### Problem statement
Transcribe the entries below exactly, starting with the line that has "this 1536×1024 image." and stopping after the line that has "Some of the words"; no pictures belong in the copy.

### Extracted information

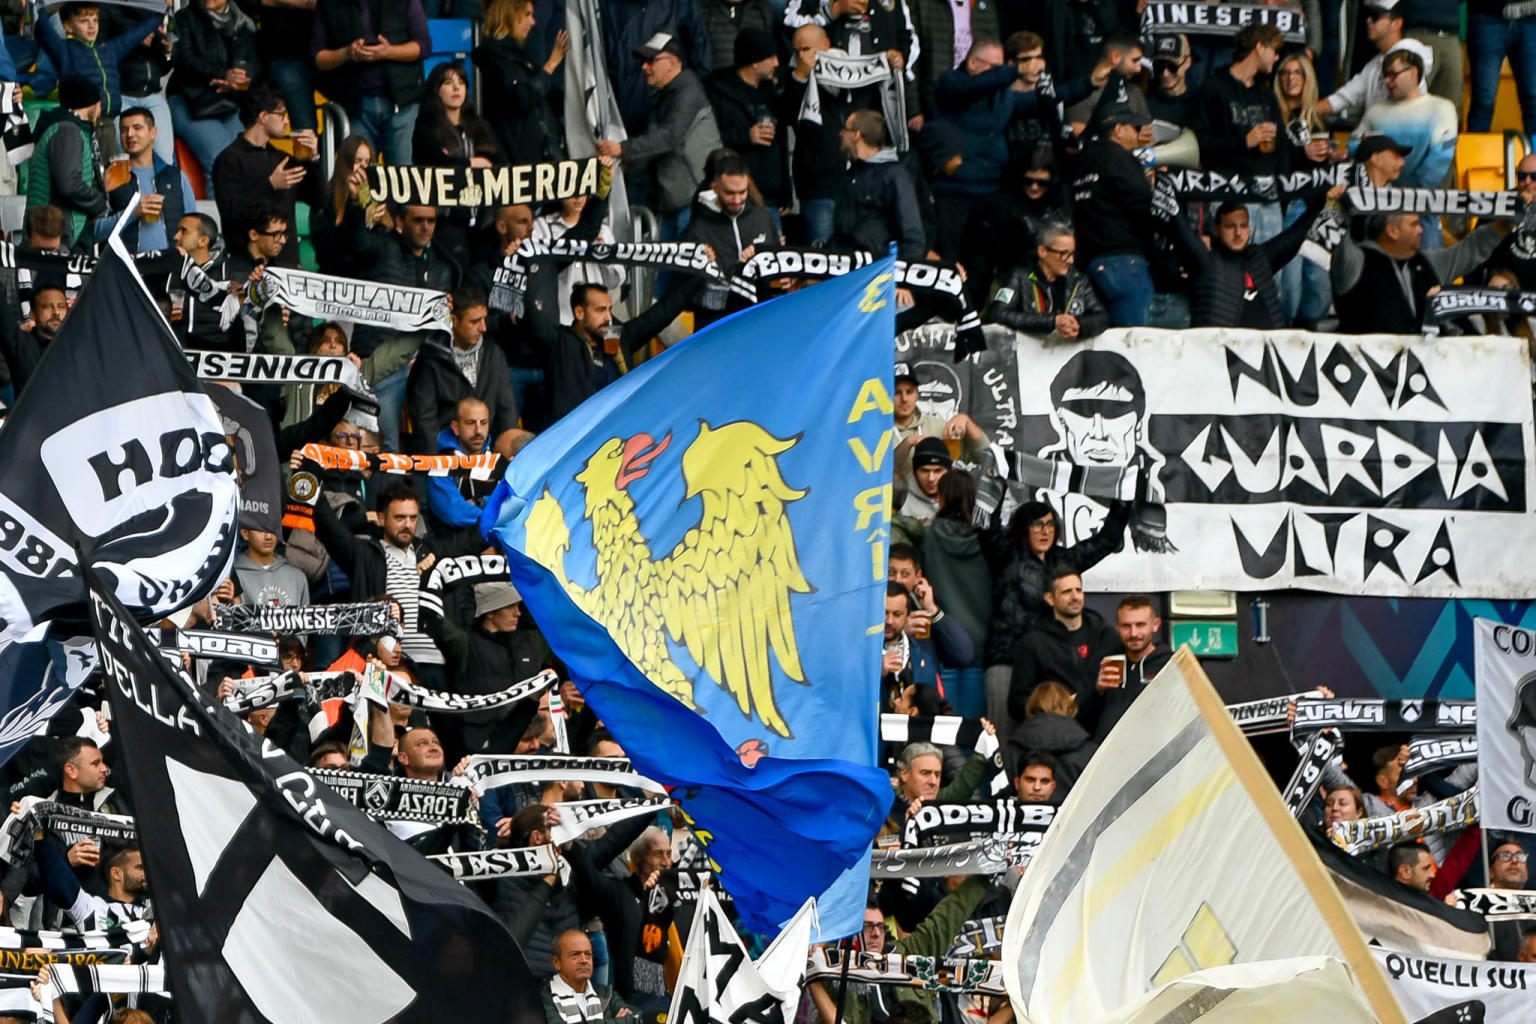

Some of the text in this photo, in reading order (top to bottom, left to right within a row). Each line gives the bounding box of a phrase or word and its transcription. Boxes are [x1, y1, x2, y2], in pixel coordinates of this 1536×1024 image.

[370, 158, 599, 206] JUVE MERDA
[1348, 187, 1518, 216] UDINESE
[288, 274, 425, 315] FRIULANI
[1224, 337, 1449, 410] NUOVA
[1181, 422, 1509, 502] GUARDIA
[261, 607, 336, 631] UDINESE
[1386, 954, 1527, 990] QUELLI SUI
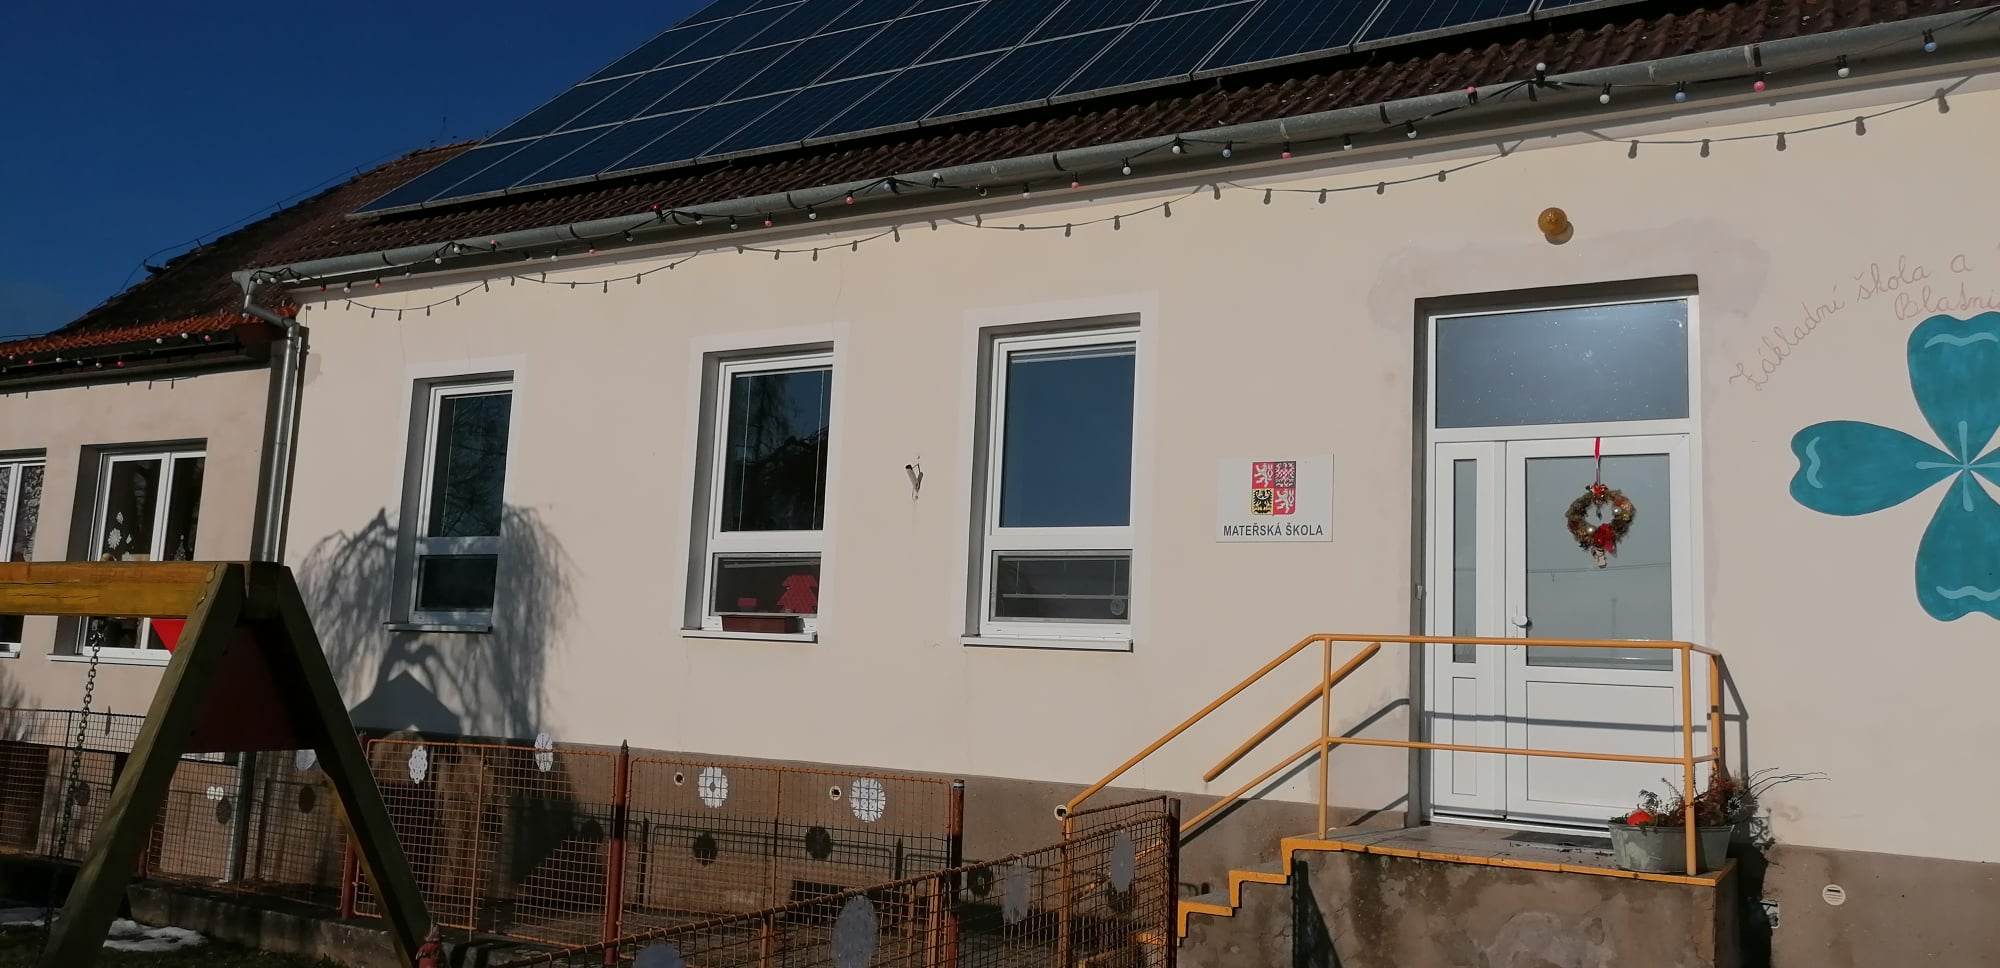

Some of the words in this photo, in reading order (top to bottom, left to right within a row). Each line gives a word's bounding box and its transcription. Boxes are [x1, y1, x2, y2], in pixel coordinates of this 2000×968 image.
* * *
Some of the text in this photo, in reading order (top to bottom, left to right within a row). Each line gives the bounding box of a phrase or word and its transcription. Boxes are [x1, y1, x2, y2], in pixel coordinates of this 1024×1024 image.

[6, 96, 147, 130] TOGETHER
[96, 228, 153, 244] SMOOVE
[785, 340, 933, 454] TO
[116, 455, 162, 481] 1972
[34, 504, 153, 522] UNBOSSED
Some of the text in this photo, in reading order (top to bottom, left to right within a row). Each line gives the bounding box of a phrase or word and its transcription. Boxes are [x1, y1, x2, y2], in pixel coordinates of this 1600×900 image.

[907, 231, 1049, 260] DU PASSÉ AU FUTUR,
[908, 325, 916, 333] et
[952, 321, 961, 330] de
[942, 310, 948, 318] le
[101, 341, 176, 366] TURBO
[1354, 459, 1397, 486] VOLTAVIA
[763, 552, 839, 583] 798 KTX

### Result for this exercise
Some of the text in this photo, in reading order (top to bottom, left to right within a row). Each line gives the bounding box of a phrase or word and its transcription. Boxes are [x1, y1, x2, y2], in pixel coordinates of this 1536×1024 image.

[370, 158, 599, 206] JUVE MERDA
[1348, 187, 1518, 216] UDINESE
[288, 274, 425, 315] FRIULANI
[1224, 337, 1449, 410] NUOVA
[1181, 422, 1509, 502] GUARDIA
[261, 607, 336, 631] UDINESE
[1386, 954, 1527, 990] QUELLI SUI

Some of the words in this photo, in reading order (top to bottom, left to right within a row). Each line gives a word's bounding box and its transcription. Boxes are [x1, y1, x2, y2], in pixel coordinates of this 2000×968 image.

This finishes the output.